EXTRACTED DATA
----------------

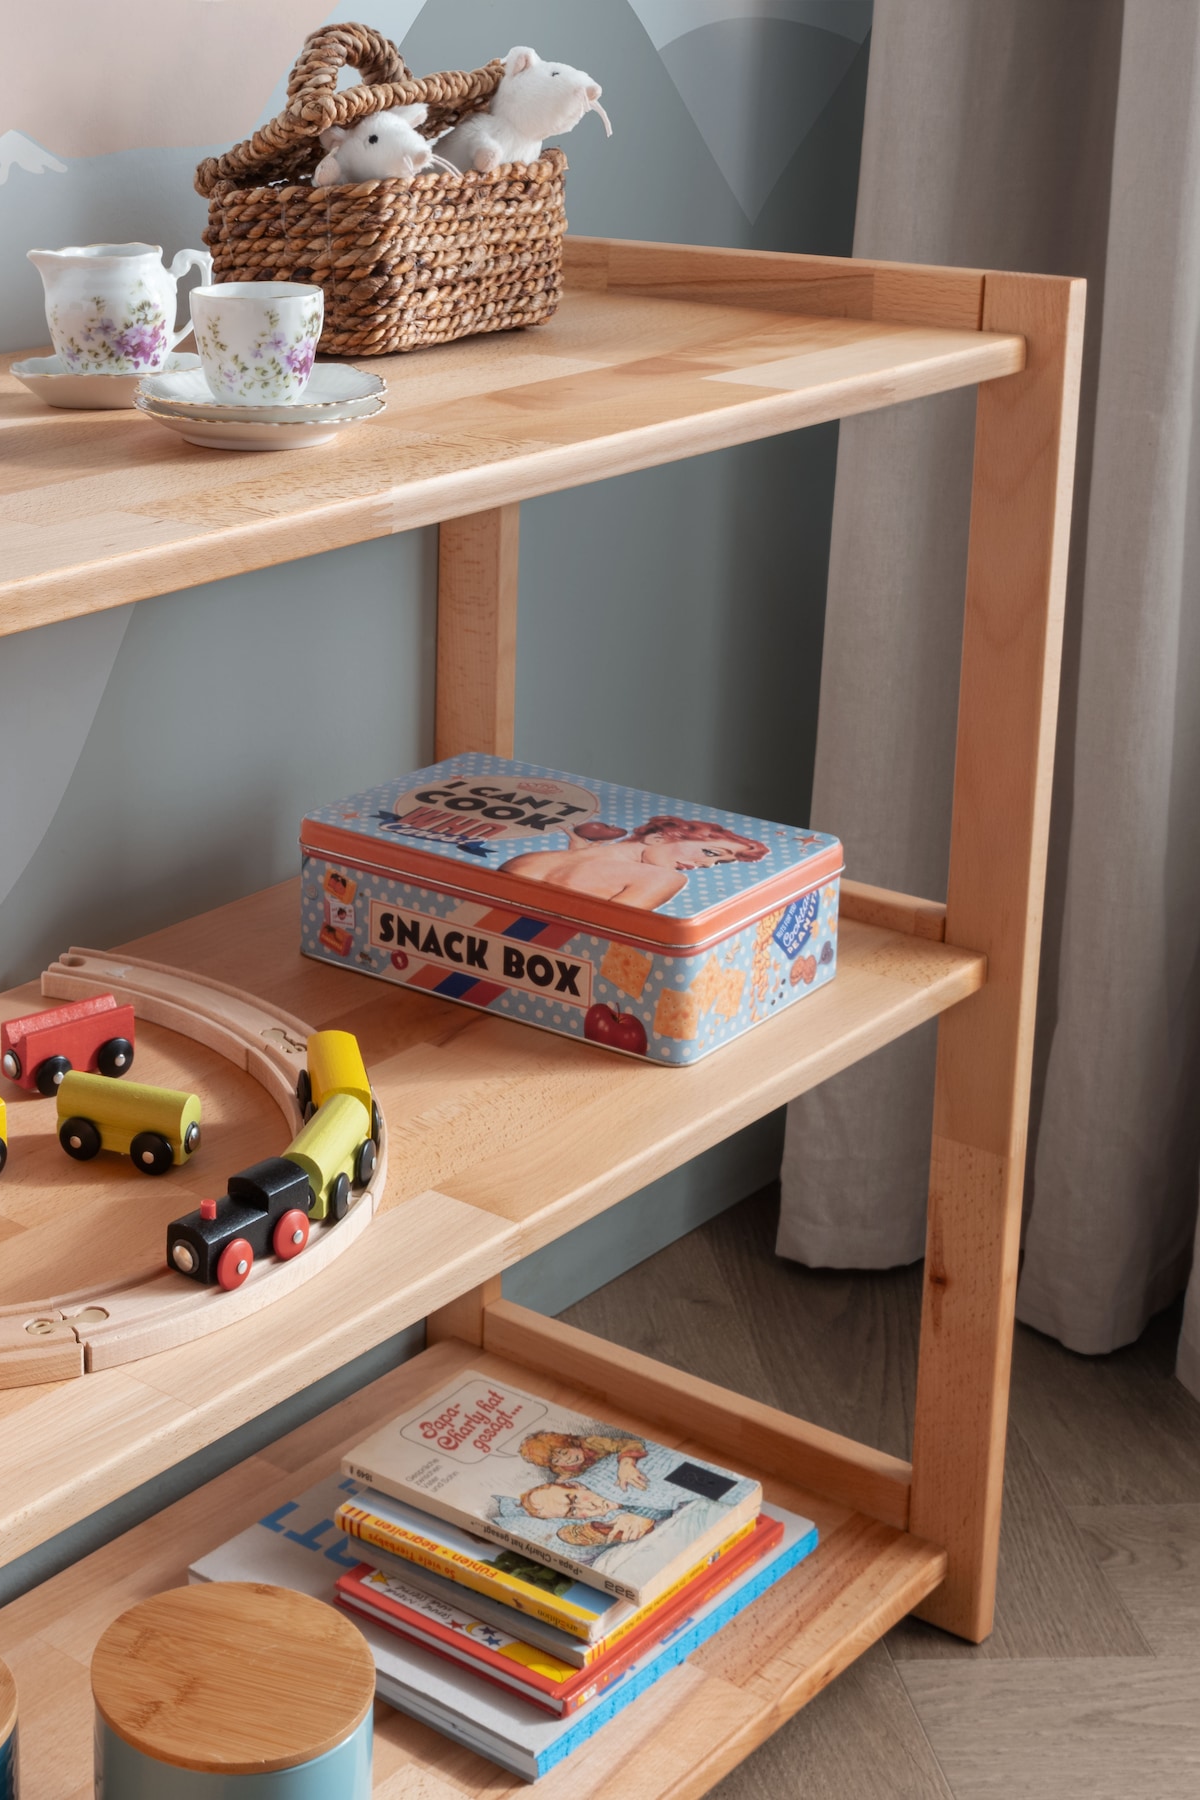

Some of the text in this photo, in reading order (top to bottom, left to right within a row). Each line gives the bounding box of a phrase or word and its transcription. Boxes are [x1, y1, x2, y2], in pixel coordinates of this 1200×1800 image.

[415, 790, 565, 831] COOK
[443, 781, 588, 817] I CAN'T
[400, 806, 508, 839] WHO
[379, 912, 582, 997] SNACK BOX
[437, 1389, 505, 1451] Charly hat
[373, 1518, 436, 1554] Begreifen
[510, 1538, 525, 1550] hat
[368, 1532, 456, 1579] So viele Tierbabys
[452, 1553, 499, 1579] Fühlen

----------------

WHAT IS EXPECTED
Return an exact transcription of the entries above, excluding each image.

SOLUTION
Some of the text in this photo, in reading order (top to bottom, left to right within a row). Each line gives the bounding box of a phrase or word and its transcription. Boxes are [x1, y1, x2, y2], in pixel coordinates of this 1200×1800 image.

[415, 790, 565, 831] COOK
[443, 781, 588, 817] I CAN'T
[400, 806, 508, 839] WHO
[379, 912, 582, 997] SNACK BOX
[437, 1389, 505, 1451] Charly hat
[373, 1518, 436, 1554] Begreifen
[510, 1538, 525, 1550] hat
[368, 1532, 456, 1579] So viele Tierbabys
[452, 1553, 499, 1579] Fühlen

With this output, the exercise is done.